A disforia de sexo é uma condição psiquiátrica que faz o paciente sentir profunda aversão a certas características de seu sexo. A teoria da identidade de gênero buscou explicar o fenômeno propondo que quem tem essa condição pertenceria mentalmente ao outro sexo. Então, existiria um sexo do corpo e um “sexo da mente”. Esse segundo foi chamado de “gênero”. Com base nessa interpretação, a teoria do gênero encontrou como tratamento para a disforia de sexo, adequar a aparência do indivíduo com a do sexo oposto, buscando torná-la mais próxima de seu “gênero”. Esse tratamento, chamado de “redesignação de gênero”, pode ser feito de diversas maneiras, desde cirurgias e ao uso de hormônios do sexo oposto.
Apesar disso, a solução apresentada não obteve resultados aferíveis pelo método científico. O estudo da Finlândia mostra que quase metade dos jovens já havia passado por tratamento psiquiátrico antes mesmo do início do acompanhamento especializado, usado pelos pesquisadores. Após dois anos adotando o tratamento prescrito pela teoria do gênero, esse percentual sobe para 61,7%, enquanto no grupo de controle, que não aplica o tratamento, permanece estável.
O estudo também analisou separadamente os casos que seguiram intervenções de “redesignação de gênero”. Os dados indicam que a necessidade de tratamento psiquiátrico não diminui após essas intervenções e, em parte dos casos, há agravamento do quadro, demonstrando a ineficácia desses tratamentos.

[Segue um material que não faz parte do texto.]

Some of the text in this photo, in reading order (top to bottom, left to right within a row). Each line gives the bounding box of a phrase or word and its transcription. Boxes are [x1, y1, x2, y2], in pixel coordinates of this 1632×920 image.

O estudo finlandês mostra que o tratamento proposto a partir da teoria do gênero, de fazer o indivíduo parecer com o outro sexo, simplesmente não funciona. Pontua-se que nem mesmo a existência da mente, onde ficaria o gênero, é amplamente aceita na neurociência.
Esses resultados estão em linha com conclusões do chamado Cass Review, um relatório que revisou estudos sobre o tema e apontou fragilidade nas evidências que sustentam intervenções médicas precoces em adolescentes.

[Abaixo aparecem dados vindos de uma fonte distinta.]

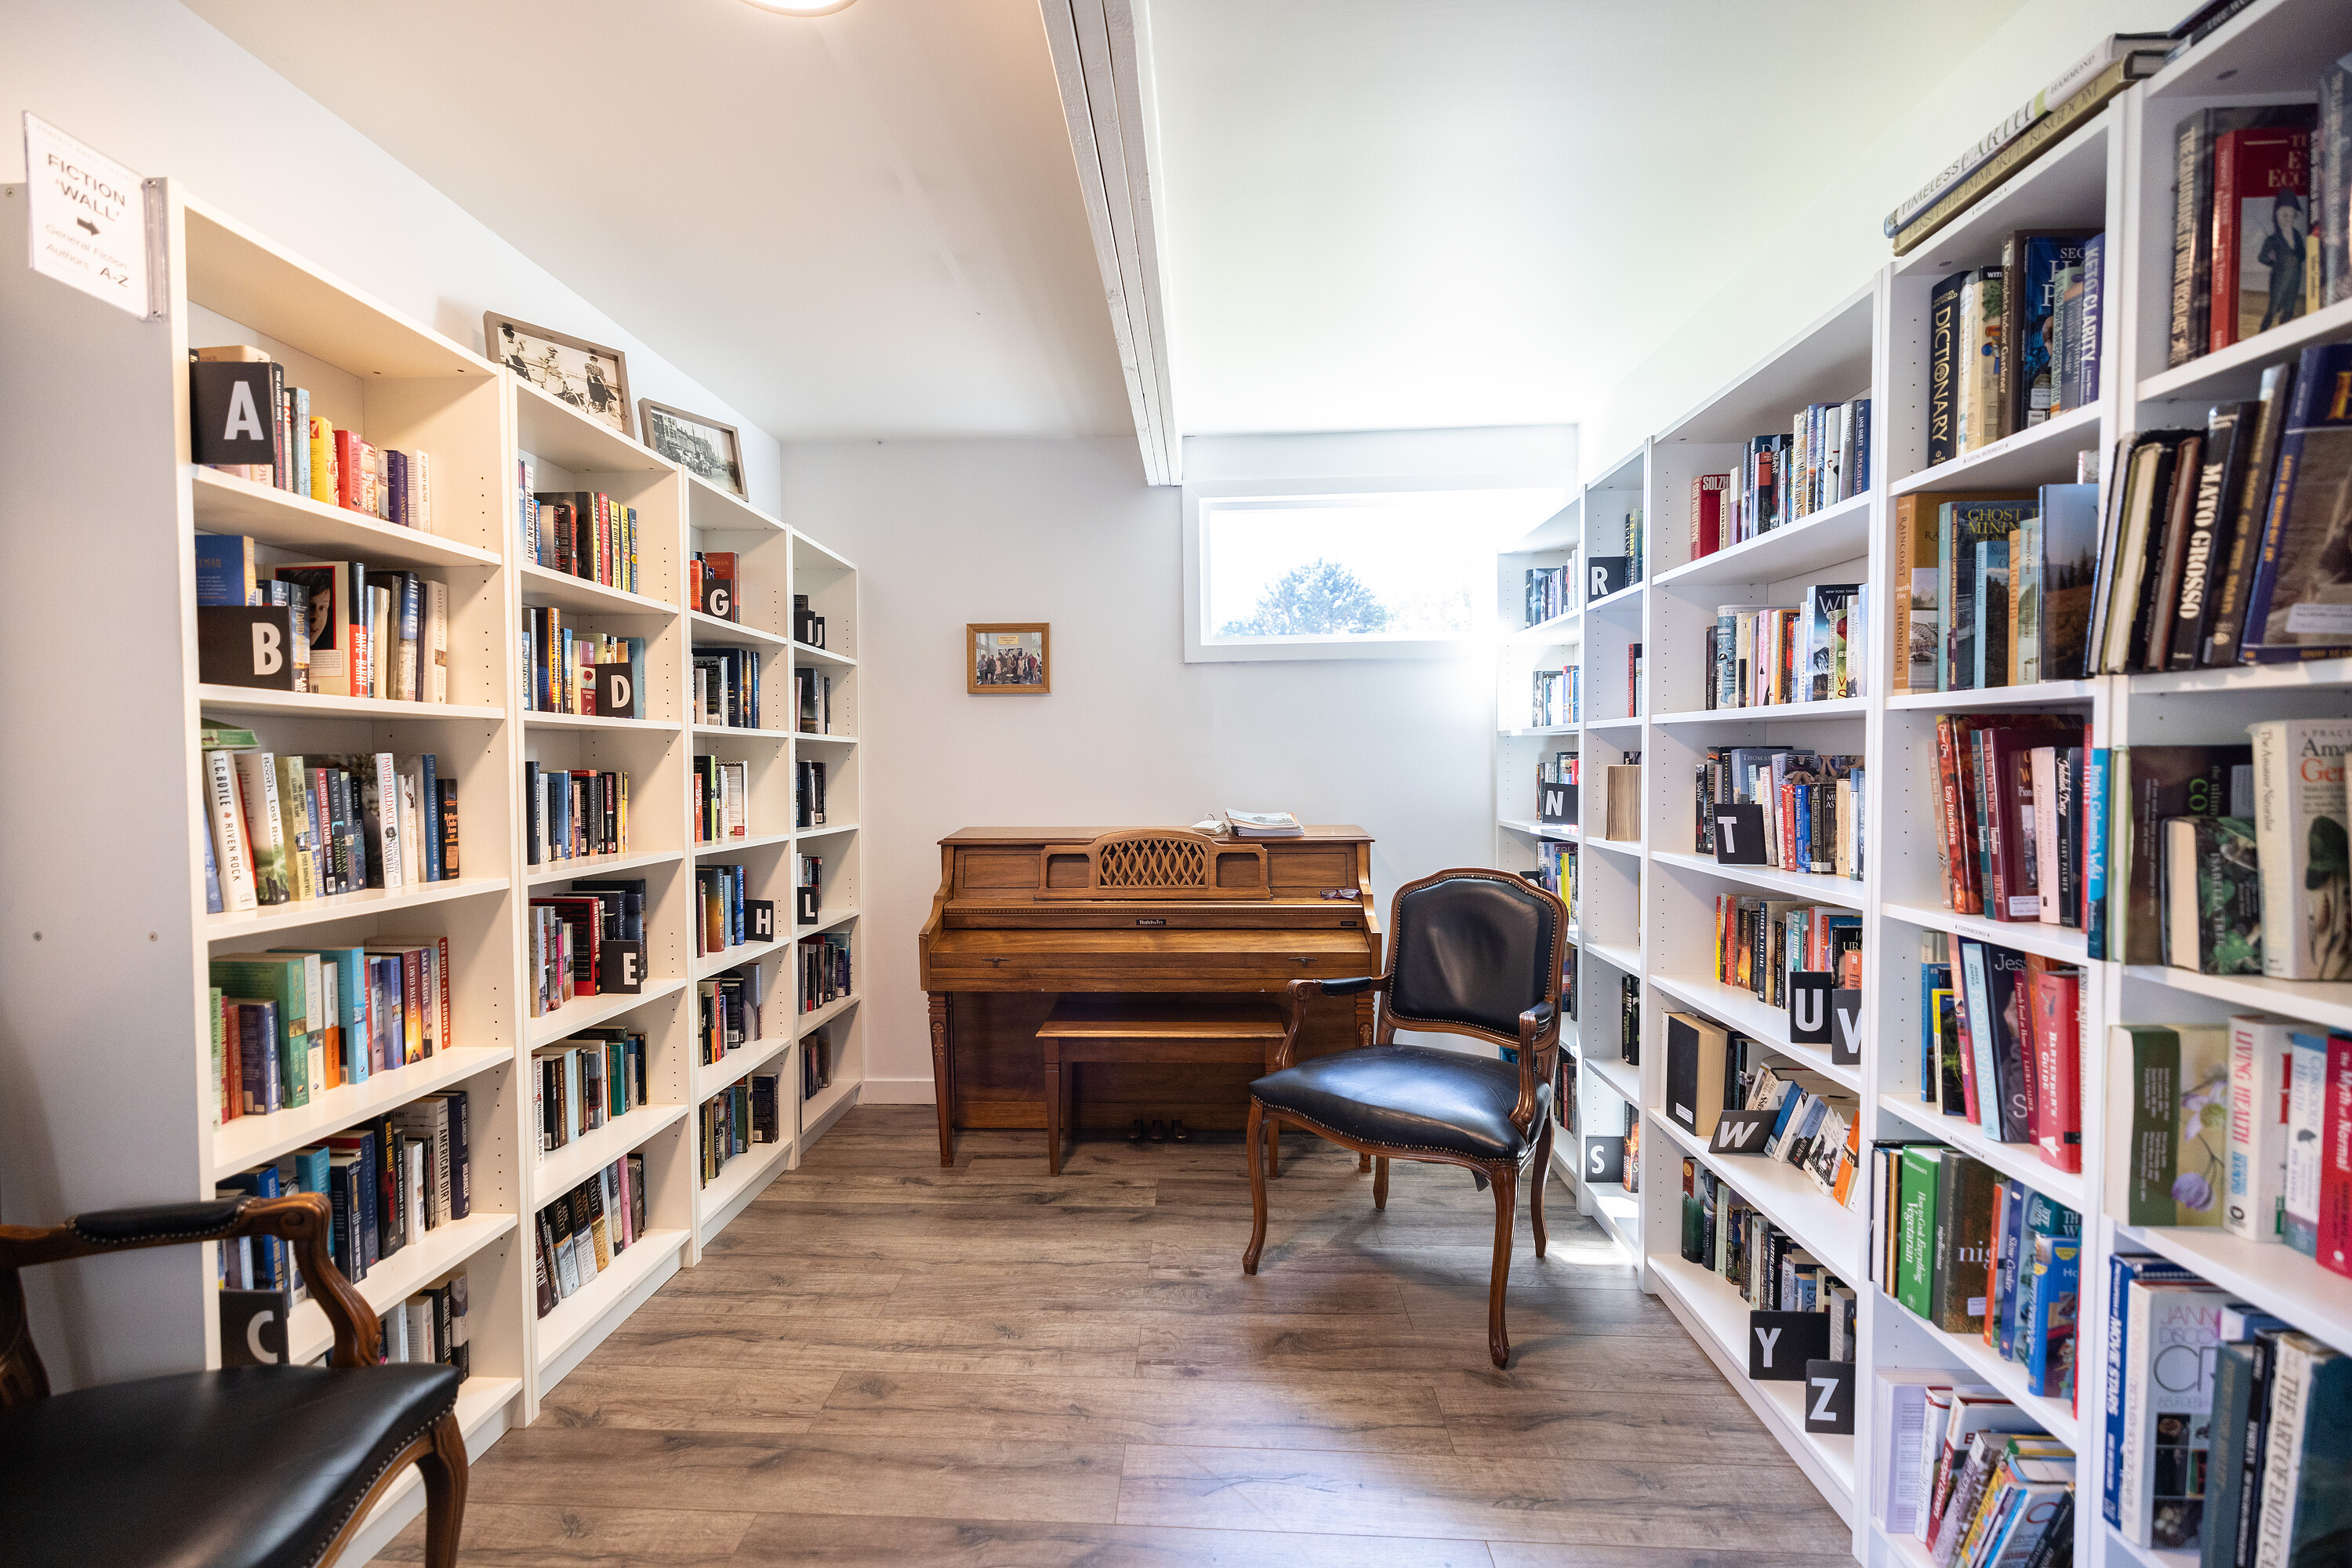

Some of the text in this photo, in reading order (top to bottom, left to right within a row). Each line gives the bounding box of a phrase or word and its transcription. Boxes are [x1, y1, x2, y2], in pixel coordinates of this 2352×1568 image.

[1900, 162, 1959, 216] TIMELESS
[1959, 100, 2031, 172] EARTH
[47, 154, 126, 206] FICTION
[45, 223, 91, 251] General
[2003, 241, 2012, 260] The
[100, 267, 129, 288] A-Z
[2000, 265, 2011, 311] Complete
[2054, 306, 2063, 329] More
[2081, 247, 2099, 361] KETO CLARITY
[1999, 347, 2008, 393] Gardener
[2053, 330, 2062, 372] Sleepless
[1932, 306, 1951, 442] DICTIONARY
[223, 381, 264, 441] A
[1968, 508, 2020, 521] GHOST
[1898, 517, 1907, 578] RAINCOAST
[1592, 566, 1609, 595] R
[2009, 557, 2020, 620] Victoria
[2179, 530, 2212, 619] GROSSO
[409, 603, 418, 633] BANKS
[710, 589, 729, 616] G
[252, 622, 282, 675] B
[355, 633, 367, 687] DAVE BARRY
[552, 686, 561, 704] WIN
[611, 675, 630, 708] D
[216, 776, 231, 806] BOYLE
[319, 780, 328, 806] LONDON
[382, 757, 394, 825] DAVID BALDACCI
[1545, 790, 1564, 816] N
[321, 808, 331, 845] BOULEVARD
[1717, 816, 1737, 853] T
[1944, 786, 1958, 845] Easy Entertaining
[2089, 800, 2102, 850] Columbia
[225, 823, 237, 851] RIVEN
[271, 826, 281, 855] River
[1977, 826, 1987, 851] Humphreys
[1990, 826, 1999, 855] Humphreys
[230, 856, 241, 883] ROCK
[385, 842, 394, 874] MAXWELL
[756, 909, 771, 935] H
[805, 894, 815, 917] L
[1793, 914, 1799, 923] DO
[1958, 924, 1986, 938] COOKBOOKS
[623, 953, 637, 985] E
[1795, 989, 1824, 1032] U
[1837, 1008, 1862, 1054] V
[1970, 989, 1994, 1105] FOOD SWINGS
[2232, 1029, 2253, 1145] LIVING HEALTH
[1718, 1122, 1759, 1148] W
[2336, 1119, 2351, 1173] Normal
[438, 1128, 449, 1205] AMERICAN DIRT
[1590, 1145, 1605, 1174] S
[1904, 1201, 1918, 1262] Vegetarian
[1936, 1225, 1945, 1270] nigellissima
[1914, 1236, 1926, 1284] Everything
[2005, 1234, 2017, 1293] Slow Cooker
[247, 1310, 278, 1364] C
[1755, 1327, 1782, 1367] Y
[1809, 1377, 1839, 1421] Z
[2107, 1367, 2120, 1416] STARS

Os dados sugerem que a disforia de sexo frequentemente está associada a outros problemas de saúde mental, como depressão, ansiedade e traumas. A pesquisa destaca que o sofrimento psíquico permanece elevado antes, durante e após o processo de “transição de gênero”, tratamento proposto pela teoria da identidade de gênero.

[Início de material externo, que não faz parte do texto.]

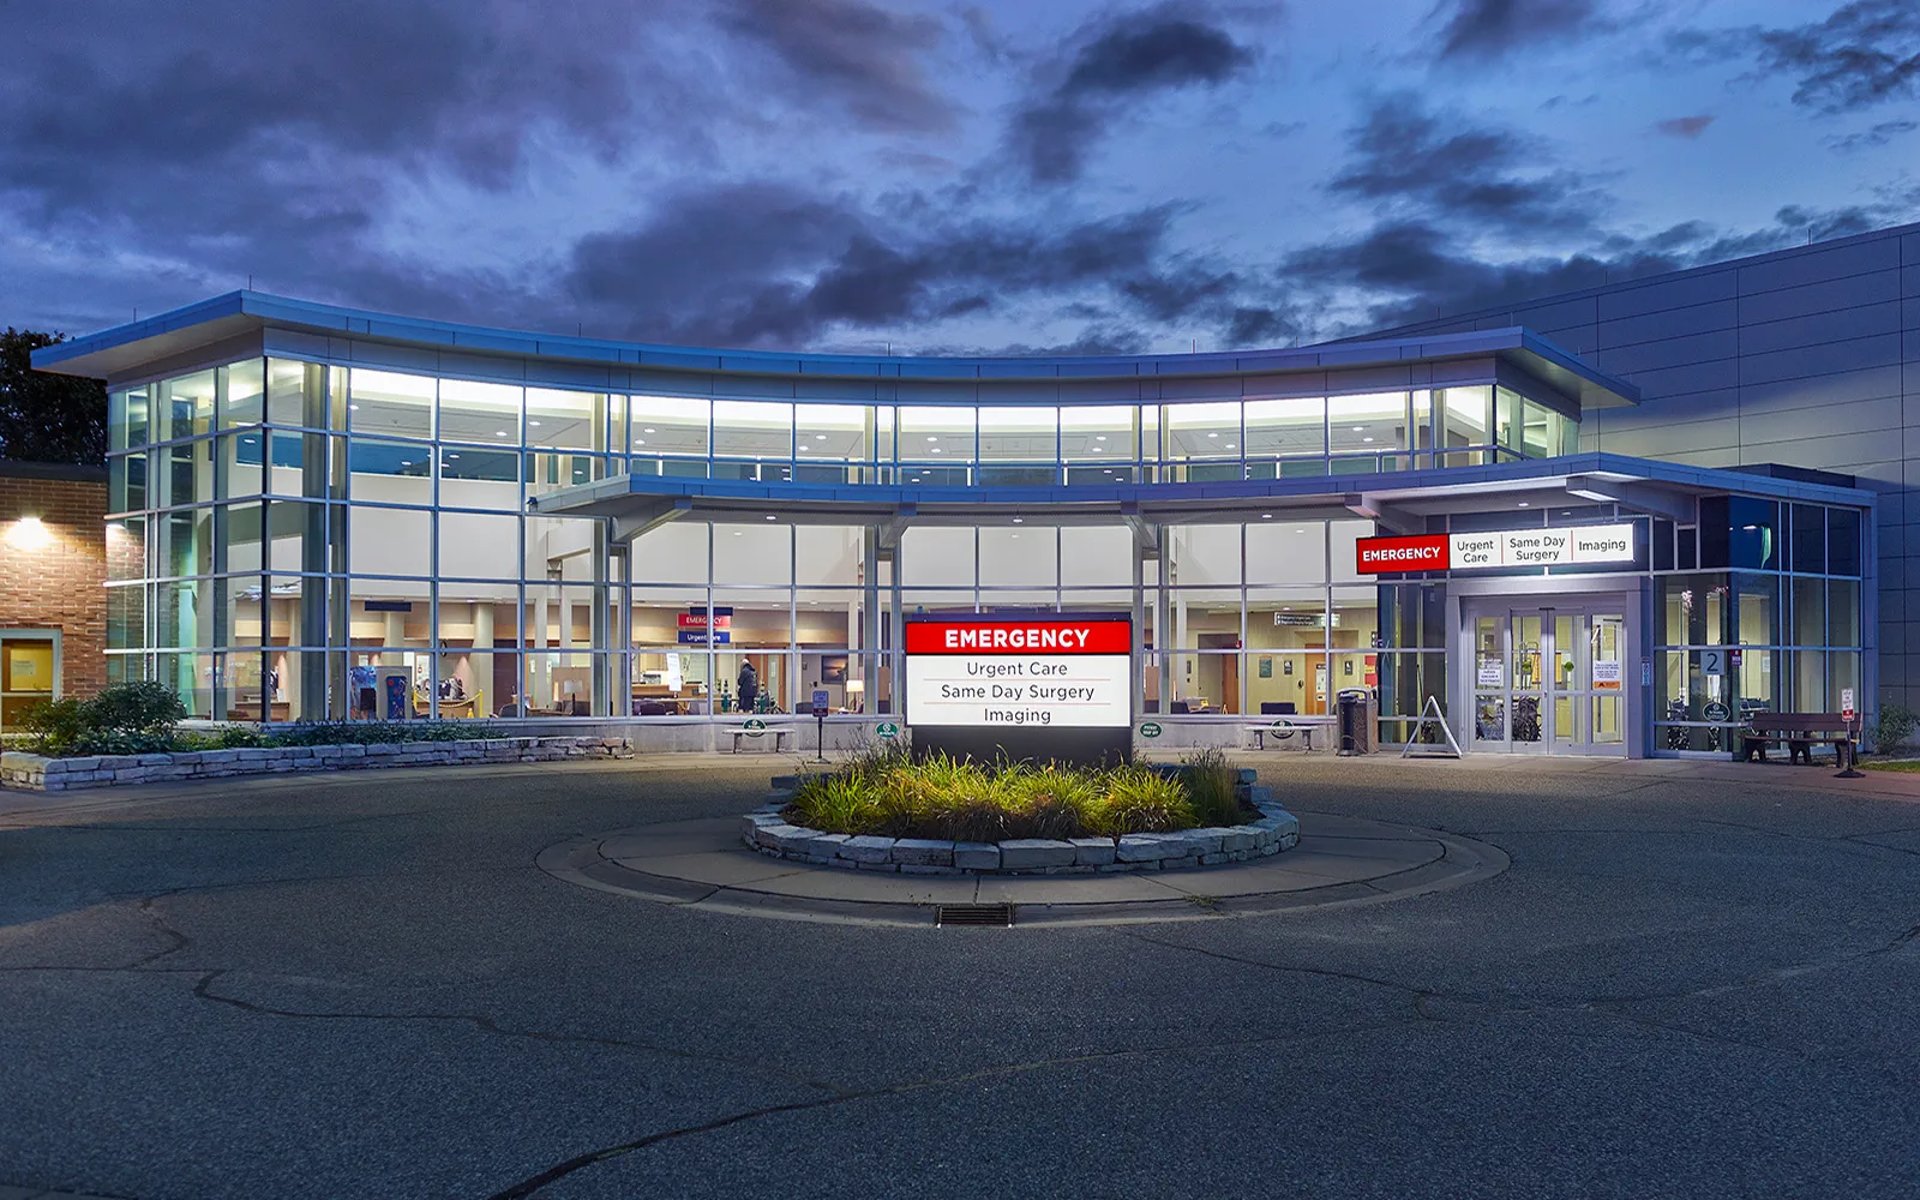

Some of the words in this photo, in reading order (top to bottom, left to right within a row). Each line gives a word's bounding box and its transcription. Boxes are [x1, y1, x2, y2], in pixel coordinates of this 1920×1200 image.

[1457, 540, 1494, 553] Urgent
[1509, 538, 1541, 549] Same
[1543, 536, 1566, 549] Day
[1578, 539, 1626, 553] Imaging
[1362, 546, 1441, 562] EMERGENCY
[1463, 552, 1489, 563] Care
[1516, 549, 1560, 563] Surgery
[686, 616, 721, 624] EMERGCY
[687, 634, 707, 642] Urgent
[945, 628, 1090, 648] EMERGENCY
[1707, 652, 1718, 672] 2
[967, 662, 1023, 678] Urgent
[1029, 661, 1068, 676] Care
[941, 684, 986, 698] Same
[992, 684, 1023, 701] Day
[1029, 684, 1095, 701] Surgery
[984, 707, 1051, 724] Imaging

Além disso, foi observado que jovens encaminhados após 2010 apresentam níveis ainda mais altos de problemas psiquiátricos, indicando piora dos casos ao longo do tempo. O período coincide com o momento em que a teoria da identidade de gênero passou a ser adotada para explicar a disforia de sexo.
A pesquisa aponta a necessidade de avaliações clínicas mais prolongadas e cuidadosas para cada caso, considerando a complexidade e singularidade dos fatores envolvidos. É de se destacar que o estudo também aponta para tratamentos individualizados, que contrastam com o projeto político do imperialismo de transformar a disforia de sexo numa identidade, algo comum a um grupo de indivíduos, para fins políticos.
Os dados de ambos os estudos são incompatíveis com a base teórica que sustenta ideia de “identidade de gênero”, usada de pretexto para defender e aprovar leis repressivas, como foi o caso da lei de racismo, que foi interpretada pelo STF para punir como racismo a mera discordância dessa teoria, chamando a negação da existência de algo como gênero de “transfobia”.